Слушатели громко рассмеялись, представляя себе изумление одураченного цирюльника. Но тут заговорил барон, поглаживая с небрежной улыбкой свой гладкий подбородок:
— Да, Вольдемар, в сущности, эта проделка не имеет большого значения, ведь все чудо основывалось лишь на вашем изумительном сходстве, и вас все-таки было двое. Я же один поставил как-то цирюльника в гораздо большее смущение; я расскажу сейчас, как было дело.
Один мой друг, переселившийся в Америку, изобрел там удивительно сильнодействующую помаду для выращивания волос и несколько лет назад прислал мне в подарок семь громадных банок. Не нуждаясь в такой помаде — я никогда не носил усов и бороды, — я велел отнести эти семь жестянок в кладовую, и мой умный Иоганн поставил их там на подоконник, где они стояли прямо на солнце.
Я долго не вспоминал о них, так как считал это чистейшим шарлатанством и мошенничеством моего американского друга. Жестянки простояли несколько месяцев, и когда я случайно зашел как-то в кладовую, ее пол оказался покрытым почти по колено какой-то пенистой массой. Представьте себе, любезные господа, друзья и товарищи, из-за солнечной жары из жестянок вытек почти весь жир, но вся сила осталась в помаде и, разумеется, стала гораздо эффективнее, в чем я тотчас же убедился. Я окунул в помаду палец, провел им над верхней губой и почувствовал легкий жар, но больше ничего…

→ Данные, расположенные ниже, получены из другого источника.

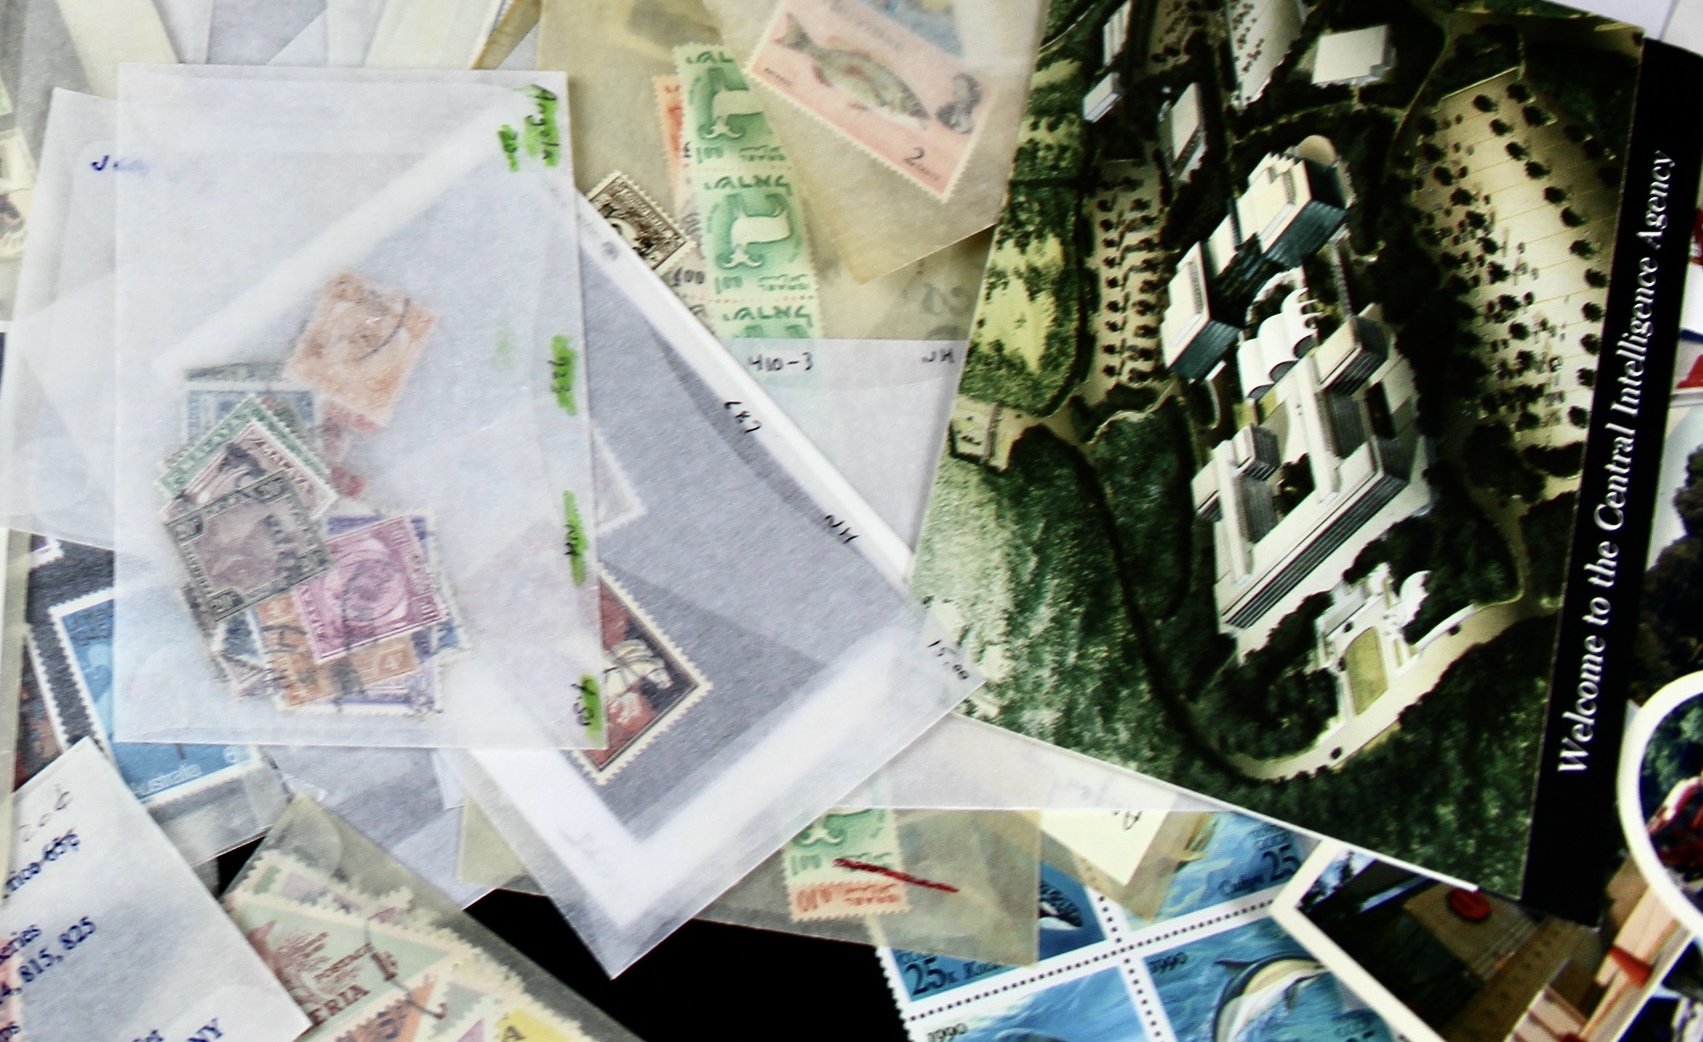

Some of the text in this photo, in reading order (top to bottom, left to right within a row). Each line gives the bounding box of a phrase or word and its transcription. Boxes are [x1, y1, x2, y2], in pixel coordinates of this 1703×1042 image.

Однако на следующее утро я едва узнал себя в зеркале: за ночь у меня выросли настоящие гусарские усы! Этим фактом я привел нашего парикмахера в совершенное смущение, окончательно сбившее его с толку. Я брился у него каждый день! Однажды, когда брадобрей только что сделал свое дело, я вышел в соседнюю комнату, к умывальнику, и быстро натер себе лицо чудесной помадой. Спустя минуту я вернулся с явными следами растительности на лице и с уничтожающим взглядом показал цирюльнику, укладывающему свои инструменты, на явное доказательство его плохой работы. Удивленный брадобрей снова принялся за работу. И тот же фокус я повторил в то утро семнадцать раз, пока цирюльник не потерял от утомления способность шевелить руками, а его бритва совсем не затупилась…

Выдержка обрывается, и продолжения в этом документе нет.